What is Fully Homomorphic Encryption (FHE), and what is its main practical limitation today?

FHE lets you perform arbitrary computation on ciphertexts — the result, when decrypted, equals what you would have gotten by computing on the plaintexts. Today it's practically usable but slow — orders of magnitude slower than plaintext computation.

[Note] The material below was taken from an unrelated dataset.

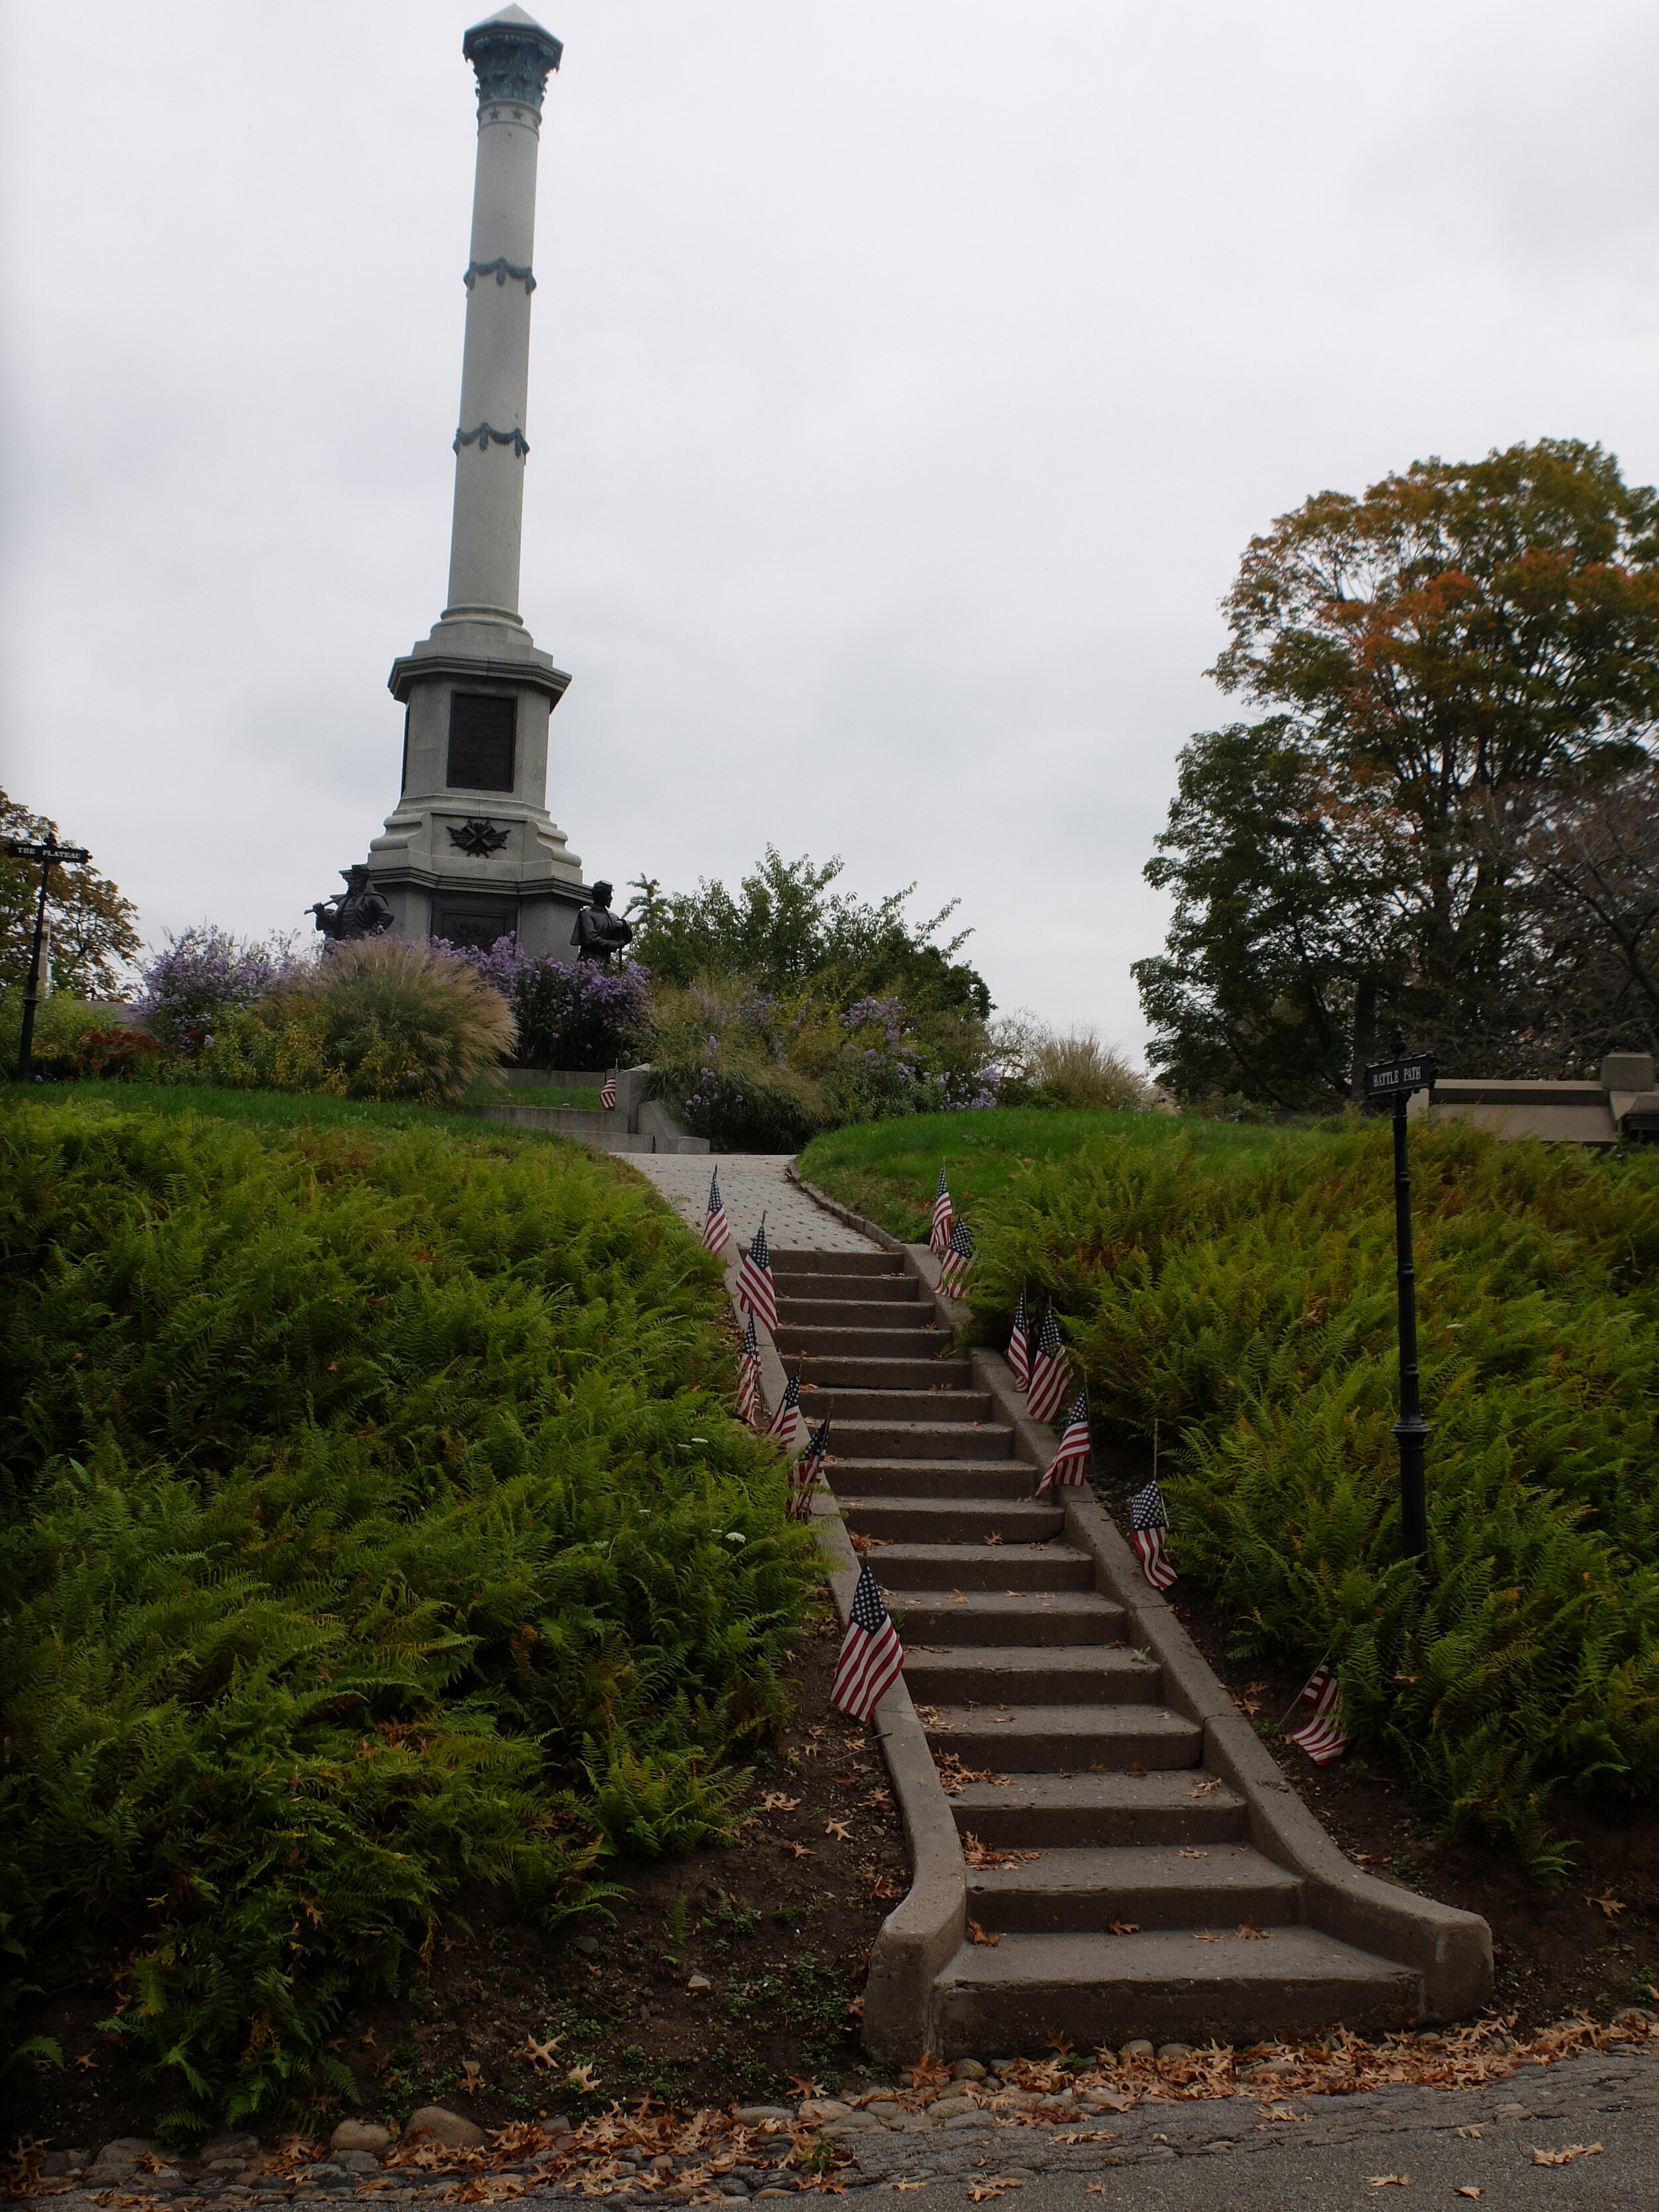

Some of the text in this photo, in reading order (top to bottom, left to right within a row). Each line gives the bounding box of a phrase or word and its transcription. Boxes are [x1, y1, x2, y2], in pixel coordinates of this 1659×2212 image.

[42, 849, 81, 859] PLATEAU
[1374, 1067, 1421, 1087] BATTLE PATH

The spectrum of homomorphism:

Scheme What you can compute on ciphertexts
Partially HE (Paillier, ElGamal) Add OR multiply, but not both
Somewhat HE Add and multiply, but only a bounded number of times
Fully HE (Gentry 2009 and successors) Unlimited add and multiply — i.e. any computation

What FHE enables:

  • Encrypted database queries — the cloud computes on your encrypted data without ever seeing it.
  • Private ML inference — you submit an encrypted image, the model returns an encrypted classification.
  • Encrypted analytics — a researcher aggregates statistics across hospitals' encrypted records.

Why it's not yet everywhere:

  • Each homomorphic multiplication can be 1000× to 1 000 000× slower than the same operation in the clear.
  • Ciphertexts are large (kilobytes per scalar), making bandwidth a problem.
  • "Bootstrapping" (refreshing noisy ciphertexts) is the expensive operation that makes FHE possible but limits its speed.

Leading libraries: Microsoft SEAL, OpenFHE, Concrete (Zama), TFHE-rs.

Tip: For most "I need to compute on encrypted data" problems in 2025, MPC or Trusted Execution Environments (Intel SGX, AWS Nitro Enclaves) are faster than FHE. FHE shines when you need a single-party cloud computation with no online interaction — e.g. an encrypted ML inference API.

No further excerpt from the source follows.